With bills filed in both the House and the Senate, South Carolina is one of 20 states considering such legislation following campaign promises made by both parties’ presidential nominees ahead of the November election.
“This bill is simply stolen from Donald Trump’s agenda,” Sen. Matt Leber, the Senate bill’s lead sponsor, explained to members of a Senate budget subcommittee Tuesday.
The Johns Island Republican went on to say the legislation is “wildly popular” in his Charleston-area district, where a large number of tipped hospitality employees make their living serving tourists.

The legislation is not industry specific and would apply to any kind of tipped worker, from hair dressers to golf caddies.
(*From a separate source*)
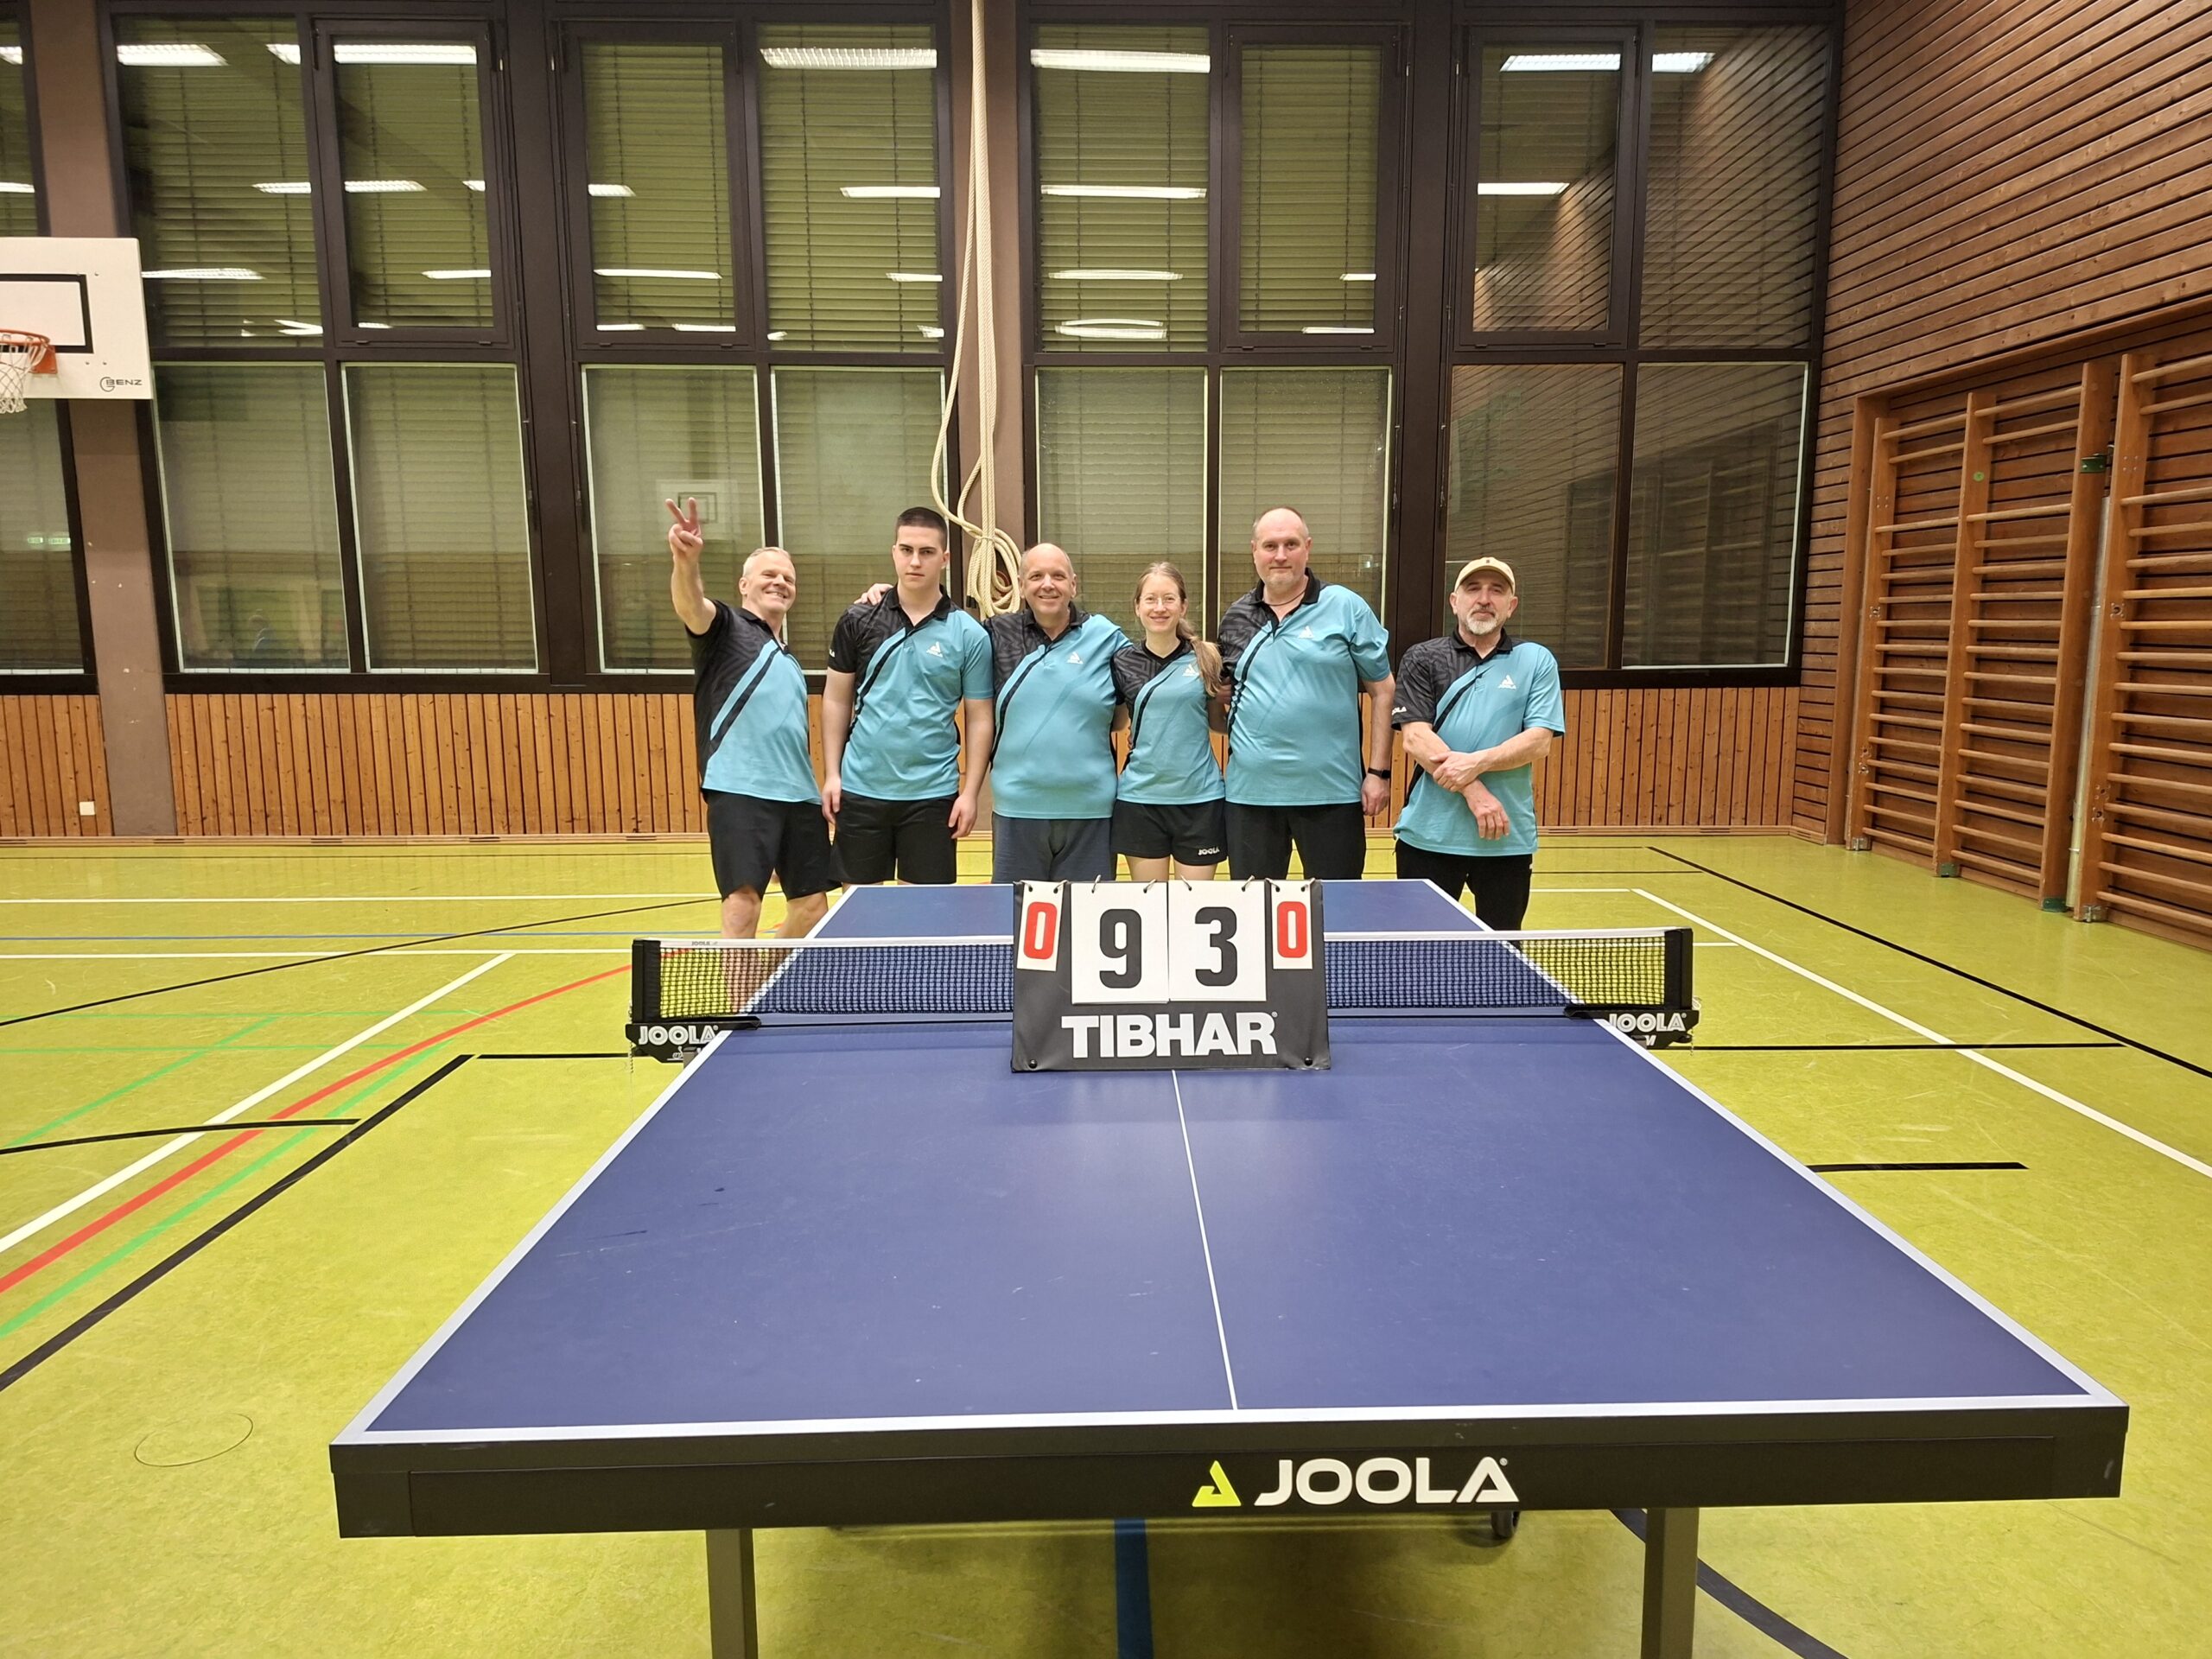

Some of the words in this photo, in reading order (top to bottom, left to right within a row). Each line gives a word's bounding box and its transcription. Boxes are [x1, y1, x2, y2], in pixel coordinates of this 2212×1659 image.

The concept has been popular with politicians and voters across the political spectrum.
At a rally in Las Vegas in January, Trump credited his campaign promise to end taxes on tips with his winning the swing state of Nevada in November.
“I’m a Republican, and I’ve never met a tax cut I don’t like,” Leber said.
But at the federal level, it has given national economists pause.
Researchers at the Brookings Institution argue these types of proposals would do little to help low-wage earners who pay very little in federal income taxes to begin with. Plus, only about 5% of the country’s lowest wage workers earn tips, according to the nonpartisan think tank based in Washington, D.C.
Researchers also say it could drop workers’ income so low as to make them ineligible for federal tax credits offered to low-wage earners and parents.
No one testified either for or against the bill at Tuesday’s hearing, but some senators raised concerns about how the system might be abused.
Sen. Tom Corbin gave the hypothetical example of a self-employed business owner who makes a deal to get paid for a job mostly through tips so as to circumvent paying taxes on a larger portion of their income.
“I’m all about reducing taxes, but I was just curious about how people might take advantage of it,” said the Travelers Rest Republican. “I’m always tasked with thinking about the odd outlier.”
Ultimately, the subcommittee did not take a vote.
Sen. Tom Davis, R-Beaufort, instead suggested the group come back at a later date with amendments to possibly limit which industries and workers may qualify, as well as penalties for anyone caught using the measure to evade taxes.
Identical “no tax on tips” legislation was introduced in the U.S. House and U.S. Senate in January but hasn’t gotten any traction yet.
Leber told the SC Daily Gazette he supports pursuing it at the state level without waiting for changes to the federal tax code, because he is not confident Congress can get it done in a timely manner.
Trump continues to say ending federal taxes on tips is a priority of his administration, but he can’t do that by executive order. It will take congressional approval.